Task statement:
Print out the records that follow, exactly and completely.

Given data:
----------
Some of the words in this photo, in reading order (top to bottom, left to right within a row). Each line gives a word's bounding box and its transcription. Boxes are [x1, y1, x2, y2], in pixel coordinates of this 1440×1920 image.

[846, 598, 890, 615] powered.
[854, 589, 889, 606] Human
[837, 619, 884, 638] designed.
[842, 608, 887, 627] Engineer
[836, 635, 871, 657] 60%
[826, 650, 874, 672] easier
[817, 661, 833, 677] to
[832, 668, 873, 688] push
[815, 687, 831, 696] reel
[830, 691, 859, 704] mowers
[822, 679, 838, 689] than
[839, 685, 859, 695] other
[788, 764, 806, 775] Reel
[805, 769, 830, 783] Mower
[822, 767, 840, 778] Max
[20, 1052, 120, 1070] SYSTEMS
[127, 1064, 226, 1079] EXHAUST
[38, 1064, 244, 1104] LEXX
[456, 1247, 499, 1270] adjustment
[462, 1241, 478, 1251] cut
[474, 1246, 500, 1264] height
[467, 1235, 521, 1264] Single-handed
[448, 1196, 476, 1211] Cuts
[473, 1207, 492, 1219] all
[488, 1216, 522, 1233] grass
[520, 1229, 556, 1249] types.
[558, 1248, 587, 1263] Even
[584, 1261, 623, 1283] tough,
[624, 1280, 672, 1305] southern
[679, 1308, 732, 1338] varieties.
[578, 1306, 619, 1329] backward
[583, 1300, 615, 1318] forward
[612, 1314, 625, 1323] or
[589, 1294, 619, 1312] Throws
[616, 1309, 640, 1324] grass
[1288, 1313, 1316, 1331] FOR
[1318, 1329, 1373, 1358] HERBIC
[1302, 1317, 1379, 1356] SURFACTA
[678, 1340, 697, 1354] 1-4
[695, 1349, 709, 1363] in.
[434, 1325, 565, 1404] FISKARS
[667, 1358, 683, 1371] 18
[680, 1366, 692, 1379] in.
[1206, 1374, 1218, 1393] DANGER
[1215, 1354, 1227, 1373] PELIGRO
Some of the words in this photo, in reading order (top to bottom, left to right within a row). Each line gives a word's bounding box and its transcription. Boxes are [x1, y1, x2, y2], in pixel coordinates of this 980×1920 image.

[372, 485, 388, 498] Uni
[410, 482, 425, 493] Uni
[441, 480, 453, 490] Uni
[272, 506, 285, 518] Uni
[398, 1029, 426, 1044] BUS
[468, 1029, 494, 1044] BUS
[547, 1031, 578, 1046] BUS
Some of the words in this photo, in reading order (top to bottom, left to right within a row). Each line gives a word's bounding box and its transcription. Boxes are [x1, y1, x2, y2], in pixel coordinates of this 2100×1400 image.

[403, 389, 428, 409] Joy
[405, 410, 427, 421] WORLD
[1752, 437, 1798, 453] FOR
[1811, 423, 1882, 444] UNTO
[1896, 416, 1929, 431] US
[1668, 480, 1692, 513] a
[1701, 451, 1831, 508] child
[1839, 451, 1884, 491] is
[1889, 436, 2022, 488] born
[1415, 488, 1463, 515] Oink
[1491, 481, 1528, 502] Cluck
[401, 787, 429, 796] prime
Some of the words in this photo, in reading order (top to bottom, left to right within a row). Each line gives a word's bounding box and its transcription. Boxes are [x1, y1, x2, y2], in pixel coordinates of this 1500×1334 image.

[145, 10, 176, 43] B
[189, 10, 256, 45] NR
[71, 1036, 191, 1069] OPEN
----------
Answer box:
Some of the words in this photo, in reading order (top to bottom, left to right within a row). Each line gives a word's bounding box and its transcription. Boxes are [x1, y1, x2, y2], in pixel coordinates of this 1440×1920 image.

[846, 598, 890, 615] powered.
[854, 589, 889, 606] Human
[837, 619, 884, 638] designed.
[842, 608, 887, 627] Engineer
[836, 635, 871, 657] 60%
[826, 650, 874, 672] easier
[817, 661, 833, 677] to
[832, 668, 873, 688] push
[815, 687, 831, 696] reel
[830, 691, 859, 704] mowers
[822, 679, 838, 689] than
[839, 685, 859, 695] other
[788, 764, 806, 775] Reel
[805, 769, 830, 783] Mower
[822, 767, 840, 778] Max
[20, 1052, 120, 1070] SYSTEMS
[127, 1064, 226, 1079] EXHAUST
[38, 1064, 244, 1104] LEXX
[456, 1247, 499, 1270] adjustment
[462, 1241, 478, 1251] cut
[474, 1246, 500, 1264] height
[467, 1235, 521, 1264] Single-handed
[448, 1196, 476, 1211] Cuts
[473, 1207, 492, 1219] all
[488, 1216, 522, 1233] grass
[520, 1229, 556, 1249] types.
[558, 1248, 587, 1263] Even
[584, 1261, 623, 1283] tough,
[624, 1280, 672, 1305] southern
[679, 1308, 732, 1338] varieties.
[578, 1306, 619, 1329] backward
[583, 1300, 615, 1318] forward
[612, 1314, 625, 1323] or
[589, 1294, 619, 1312] Throws
[616, 1309, 640, 1324] grass
[1288, 1313, 1316, 1331] FOR
[1318, 1329, 1373, 1358] HERBIC
[1302, 1317, 1379, 1356] SURFACTA
[678, 1340, 697, 1354] 1-4
[695, 1349, 709, 1363] in.
[434, 1325, 565, 1404] FISKARS
[667, 1358, 683, 1371] 18
[680, 1366, 692, 1379] in.
[1206, 1374, 1218, 1393] DANGER
[1215, 1354, 1227, 1373] PELIGRO
Some of the words in this photo, in reading order (top to bottom, left to right within a row). Each line gives a word's bounding box and its transcription. Boxes are [x1, y1, x2, y2], in pixel coordinates of this 980×1920 image.

[372, 485, 388, 498] Uni
[410, 482, 425, 493] Uni
[441, 480, 453, 490] Uni
[272, 506, 285, 518] Uni
[398, 1029, 426, 1044] BUS
[468, 1029, 494, 1044] BUS
[547, 1031, 578, 1046] BUS
Some of the words in this photo, in reading order (top to bottom, left to right within a row). Each line gives a word's bounding box and its transcription. Boxes are [x1, y1, x2, y2], in pixel coordinates of this 2100×1400 image.

[403, 389, 428, 409] Joy
[405, 410, 427, 421] WORLD
[1752, 437, 1798, 453] FOR
[1811, 423, 1882, 444] UNTO
[1896, 416, 1929, 431] US
[1668, 480, 1692, 513] a
[1701, 451, 1831, 508] child
[1839, 451, 1884, 491] is
[1889, 436, 2022, 488] born
[1415, 488, 1463, 515] Oink
[1491, 481, 1528, 502] Cluck
[401, 787, 429, 796] prime
Some of the words in this photo, in reading order (top to bottom, left to right within a row). Each line gives a word's bounding box and its transcription. Boxes are [x1, y1, x2, y2], in pixel coordinates of this 1500×1334 image.

[145, 10, 176, 43] B
[189, 10, 256, 45] NR
[71, 1036, 191, 1069] OPEN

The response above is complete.